President Roosevelt unpegged the dollar from gold, making gold’s value grow from $20 an ounce to $35 an ounce. And when it did, the value of gold held at the US treasure rose to meet the value of currency in circulation at the time.
During World War I and World War II, the US had a lot of Gold inflows for lots of consumer goods and services (117%) which made the United States the Superpower that we know of today.
It’s all financial.
Then the US jumped into the war around 1944 and inflates currency supply beyond the gold backing.
1959, countries started figuring it out and started cashing out their Dollars for Gold, which, under the Bretton Woods Agreement, could be freely exchanged at the New York Fed by Central Banks (Not Individuals).
Hence, Gold started flowing out, and the US lost around 50% of their gold reserves from 1959 to 1971, while, in the meantime, the US printed more currency.

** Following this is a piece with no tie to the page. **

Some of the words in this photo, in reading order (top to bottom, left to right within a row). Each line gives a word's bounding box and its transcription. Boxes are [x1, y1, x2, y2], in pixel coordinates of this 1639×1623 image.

If this had continued till it got down to Zero, and if there’d be 1 more dollar that laid claim to gold, the entire world monetary system would have come crashing down.
So, as a solution, President Nixon, took the US off of the Bretton Woods System, the last vestiges of the gold standard, in August 15th of 1971.

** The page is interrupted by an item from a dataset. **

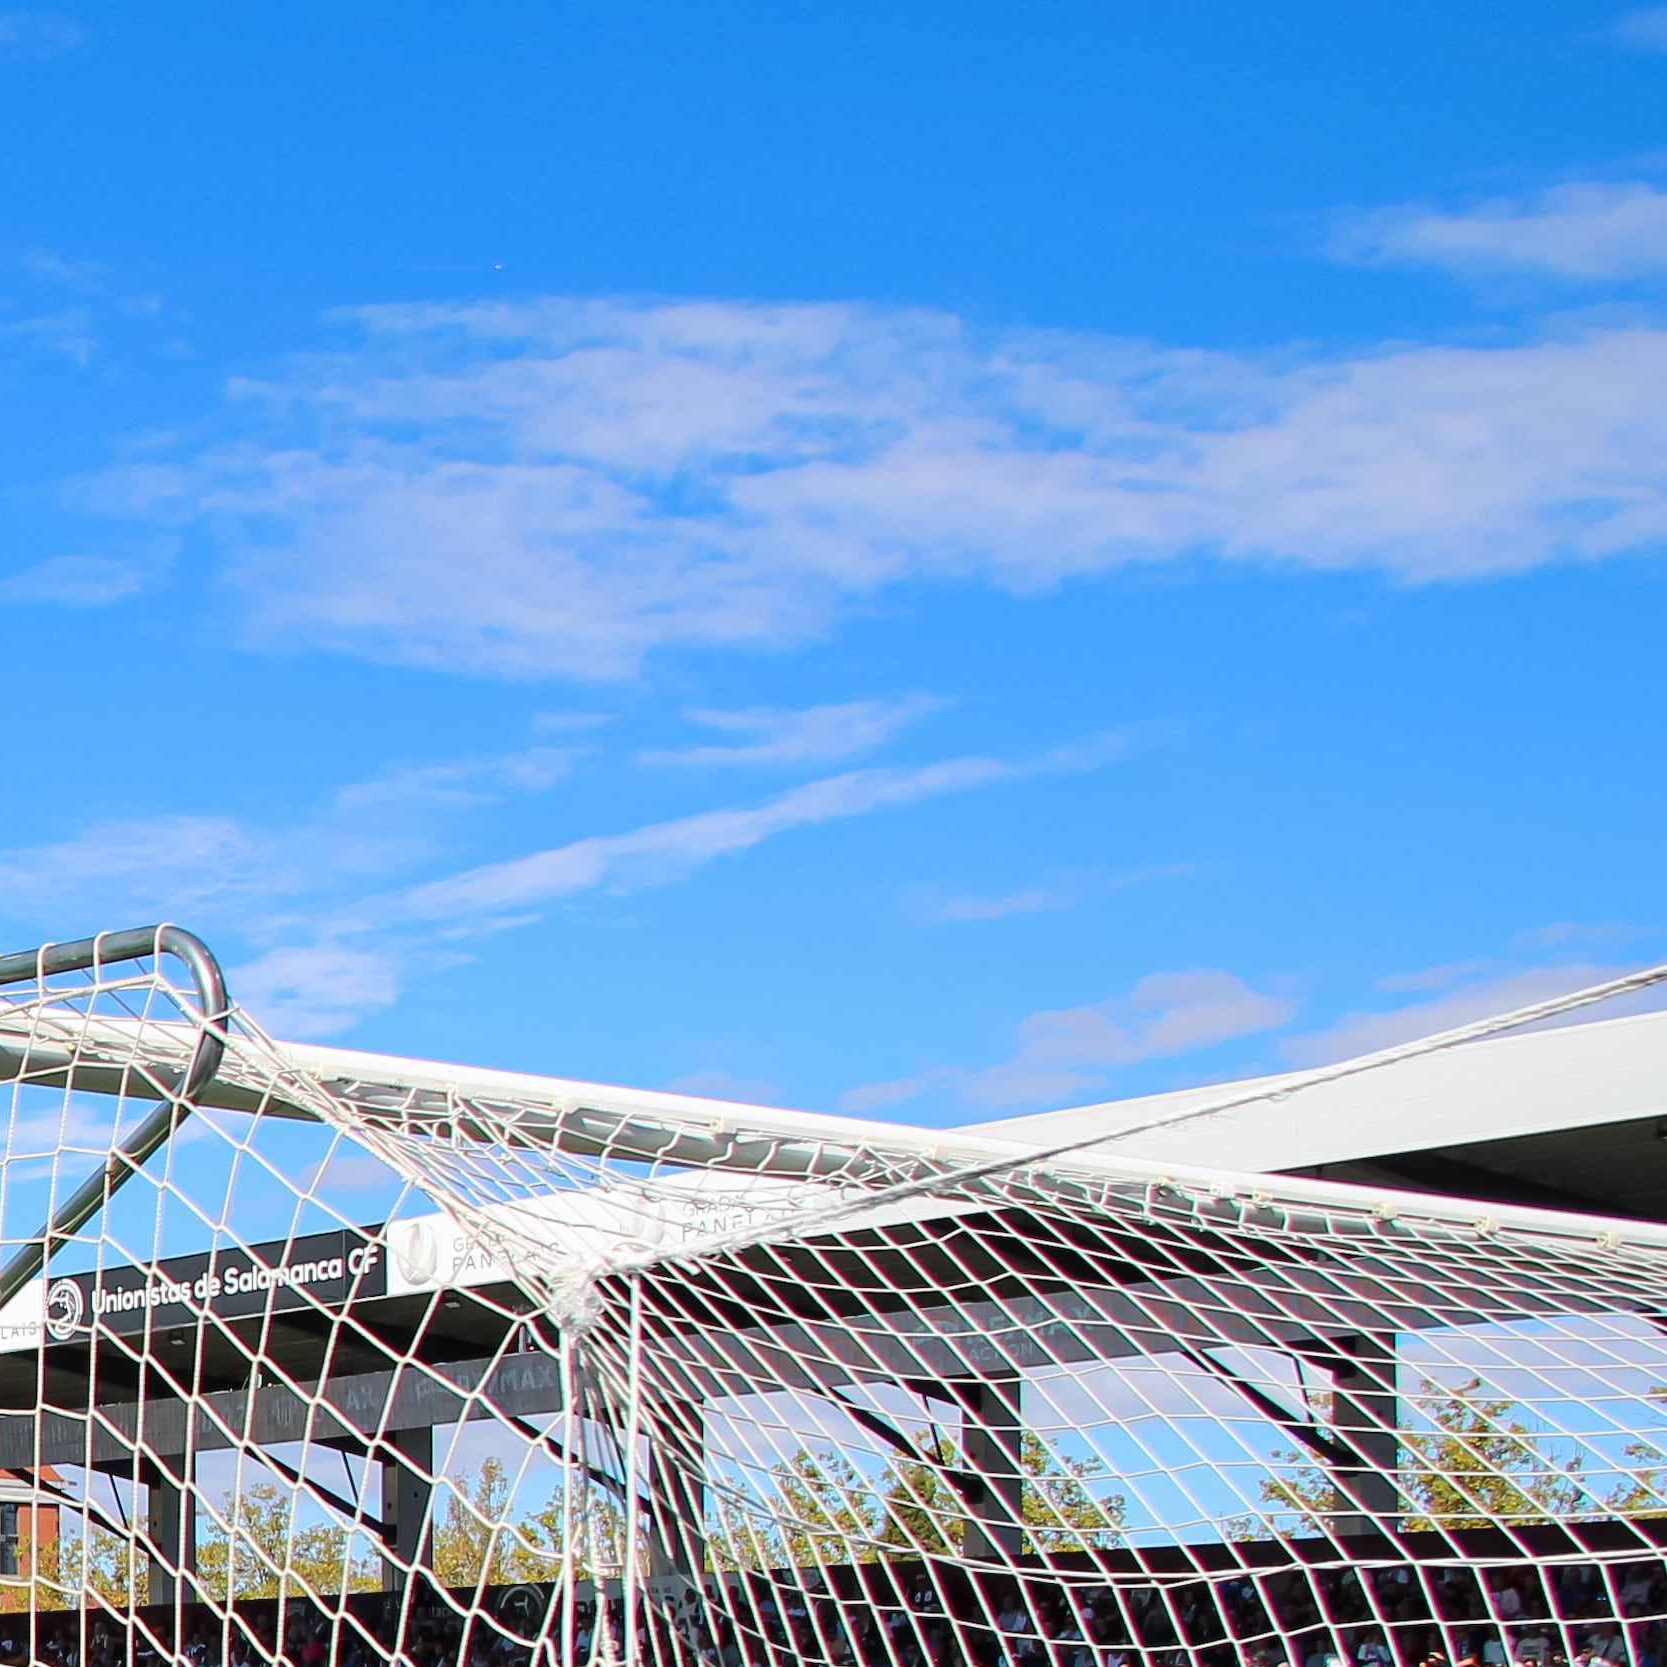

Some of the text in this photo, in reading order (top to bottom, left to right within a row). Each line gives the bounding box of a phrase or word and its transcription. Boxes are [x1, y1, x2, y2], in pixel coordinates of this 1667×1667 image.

[92, 1246, 379, 1314] Unionistas de Salamanca CF

To make the matter more complicated, the world was introduced to credit cards. When you charge something on a credit card, you create currency. The banks didn’t actually loan you anything; they invented numbers and then they have the gall to charge you interest if you don’t pay those numbers back on time😅.
The merchant you’re paying for your goods and services can’t tell the difference between “credit dollars” you created or the “cash dollars” that you pay them with. It all looks the same to that merchant’s checking account and those dollars that you created stay in circulation until somebody saves them up and pay’s down their credit card debt.

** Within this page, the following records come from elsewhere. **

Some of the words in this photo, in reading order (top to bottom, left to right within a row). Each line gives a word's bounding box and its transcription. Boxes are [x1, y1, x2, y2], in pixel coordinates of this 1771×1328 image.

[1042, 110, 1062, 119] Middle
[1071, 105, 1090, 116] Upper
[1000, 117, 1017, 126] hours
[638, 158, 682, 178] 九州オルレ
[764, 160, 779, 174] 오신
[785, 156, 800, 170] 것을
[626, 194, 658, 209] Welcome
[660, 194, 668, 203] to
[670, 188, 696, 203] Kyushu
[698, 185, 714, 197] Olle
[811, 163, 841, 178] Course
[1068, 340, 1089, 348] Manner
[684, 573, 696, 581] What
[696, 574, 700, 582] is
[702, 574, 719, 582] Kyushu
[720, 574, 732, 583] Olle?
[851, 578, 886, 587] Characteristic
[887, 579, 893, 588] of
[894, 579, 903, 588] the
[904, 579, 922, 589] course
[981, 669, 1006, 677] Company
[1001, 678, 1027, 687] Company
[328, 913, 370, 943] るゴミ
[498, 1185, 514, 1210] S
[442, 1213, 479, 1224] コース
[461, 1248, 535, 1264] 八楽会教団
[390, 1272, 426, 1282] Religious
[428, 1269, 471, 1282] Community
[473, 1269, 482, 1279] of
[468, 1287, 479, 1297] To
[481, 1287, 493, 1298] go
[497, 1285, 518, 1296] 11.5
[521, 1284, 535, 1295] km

Then we get to the 2008 financial crisis, we did bailouts and all the Quantitative Easing (QEs). Soon, they announced QE3, which is the 85 billion a month that they’re creating and adding into economy.
These are just numbers in computers for US dollar, so considering cases for the future:
If we have deflation (i.e., reduced paper money), maybe gold will peak at $3000/ounce.
If we have big inflation, and Dow goes to 30000, maybe gold will be $60,000/ounce.
If we have hyperinflation, the Dow would be 30 trillion, and gold would be $60trillion/ounce.
In any case, gold will buy you atleast 10x more paper assets that it does today.
At the end of the day, the fundamental drivers of gold, it’s not so much that gold’s in a bull market, it’s more that the dollar is in a bear market.
People ask, how high can gold go, and the answer here is how low can the dollar go.
Dollar can go to ‘zero’, and in theory, gold can go to infinity.
In the real world, if something else happens, it’s likely the dollar will fall off the stage. There’ll be a time when you won’t count gold in dollars anymore because the dollar won’t count. People won’t want dollars.
There is so much opportunity in crisis; it is absolutely extraordinary. That’s not me saying it; that’s just history. In terms of crisis, huge fortunes were made.
It’s a time when human beings create and develop newest technologies, new science, and new medicines.
As long as you can remain calm, get educated, be resourceful, you’ll be good.
Challenge for most people is that in crisis, they go into crisis mode, which means they go into scarcity, they go into lack, they go into blame, and none of those emotions are resourceful for helping you solve whatever challenge is in front of you.
There were more millionaires created during the Great Depression than any other period in history.
We have learned the follwing hidden secrets of money:
There is a global loss of confidence in U.S. Dollar that is accelerating rapidly.
The change to a new monetary system is inevitable and most likely to be chaotic.
Gold Standards do not work over long period of time, but gold itself does.
The public contributes to the massive amounts of currency creation by using credit cards and signing loans.
Gold has already accounted for the expansion of the US Dollar twice in the last century and may likely do so again.